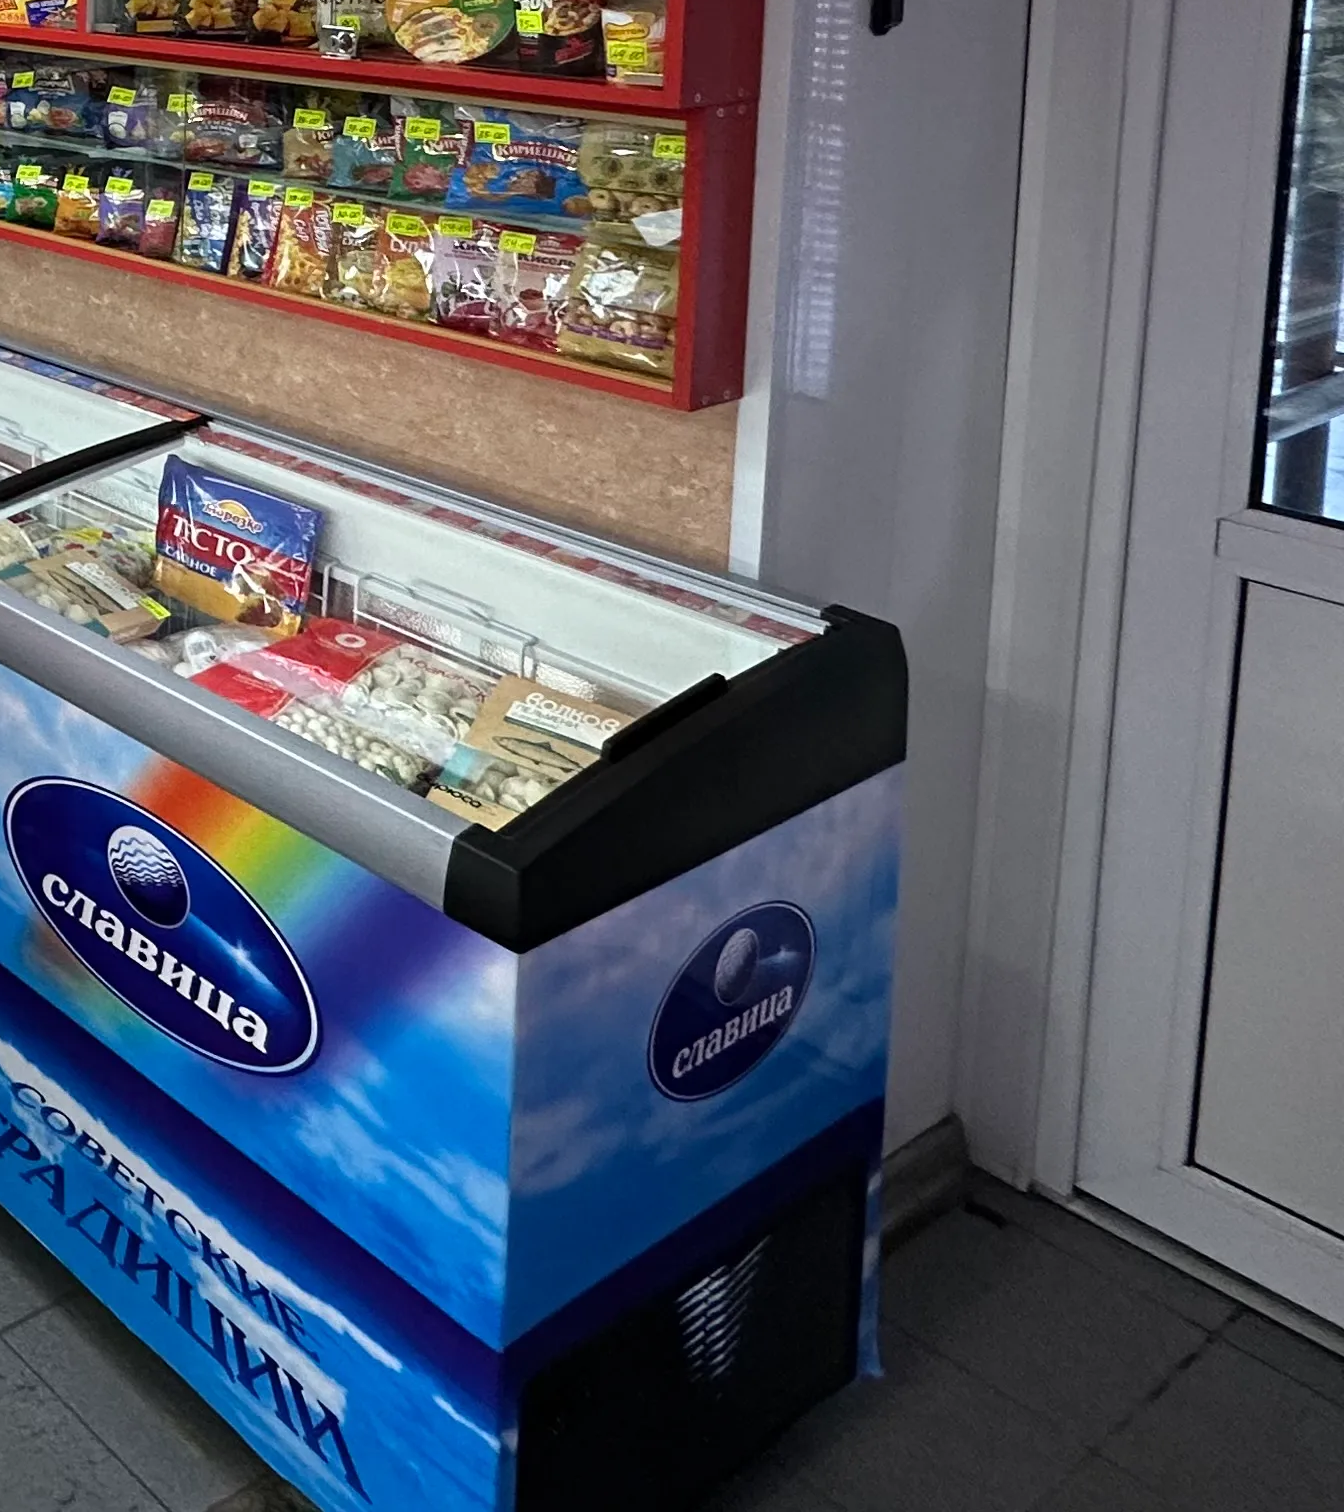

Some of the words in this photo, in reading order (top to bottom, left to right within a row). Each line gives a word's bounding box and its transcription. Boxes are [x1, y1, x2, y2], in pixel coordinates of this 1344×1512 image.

[171, 515, 254, 564] ТЕСТО
[42, 872, 271, 1053] славица
[671, 986, 794, 1079] славица
[12, 1079, 308, 1340] СОВЕТСКИЕ
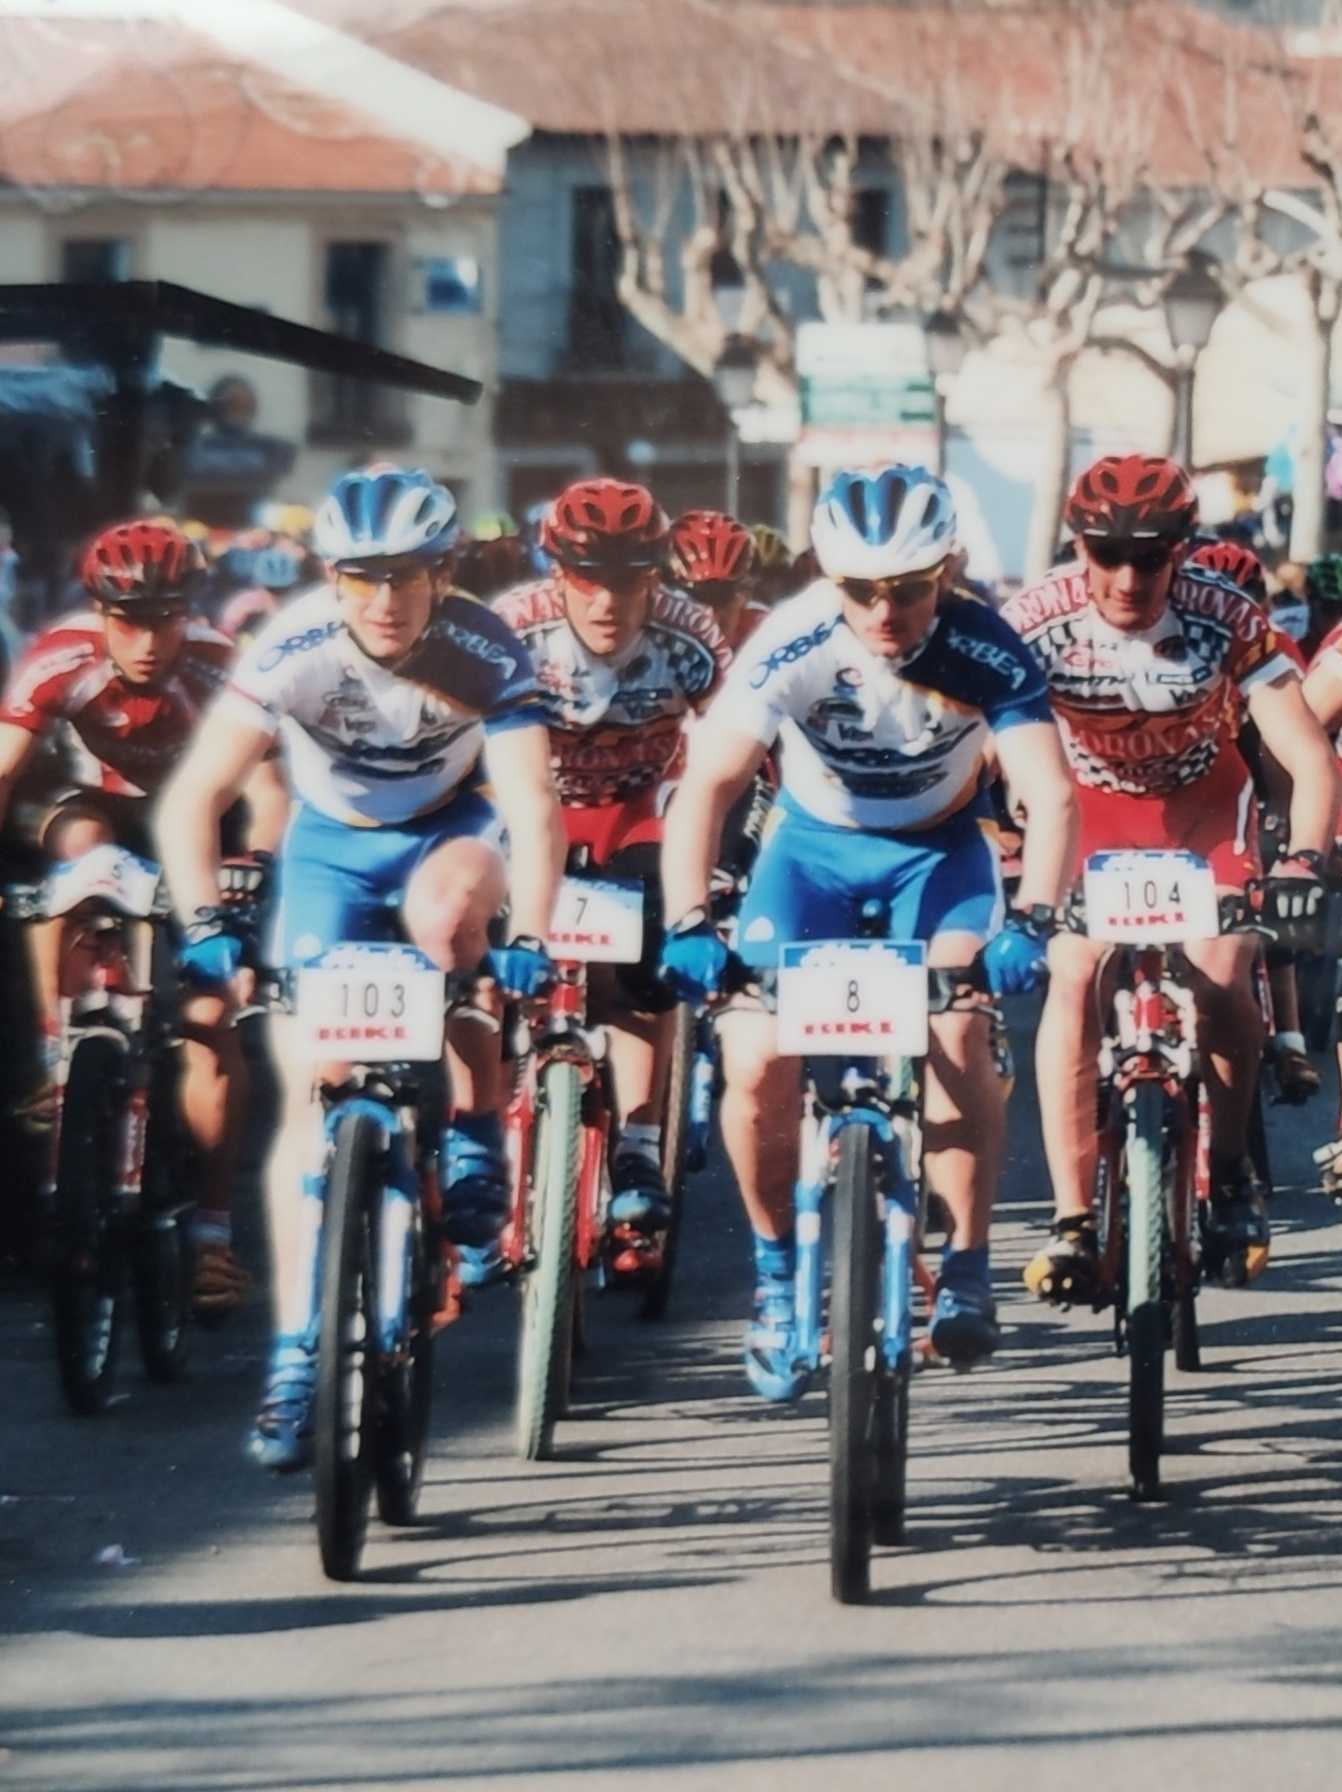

:::::

TASK BRIEF: The job here is to retype the data exactly, with no pictures included.

EXERCISE SOLUTION:
Some of the words in this photo, in reading order (top to bottom, left to right within a row). Each line gives a word's bounding box and its transcription. Boxes are [x1, y1, x2, y2], in pixel coordinates of this 1344×1512 image.

[171, 515, 254, 564] ТЕСТО
[42, 872, 271, 1053] славица
[671, 986, 794, 1079] славица
[12, 1079, 308, 1340] СОВЕТСКИЕ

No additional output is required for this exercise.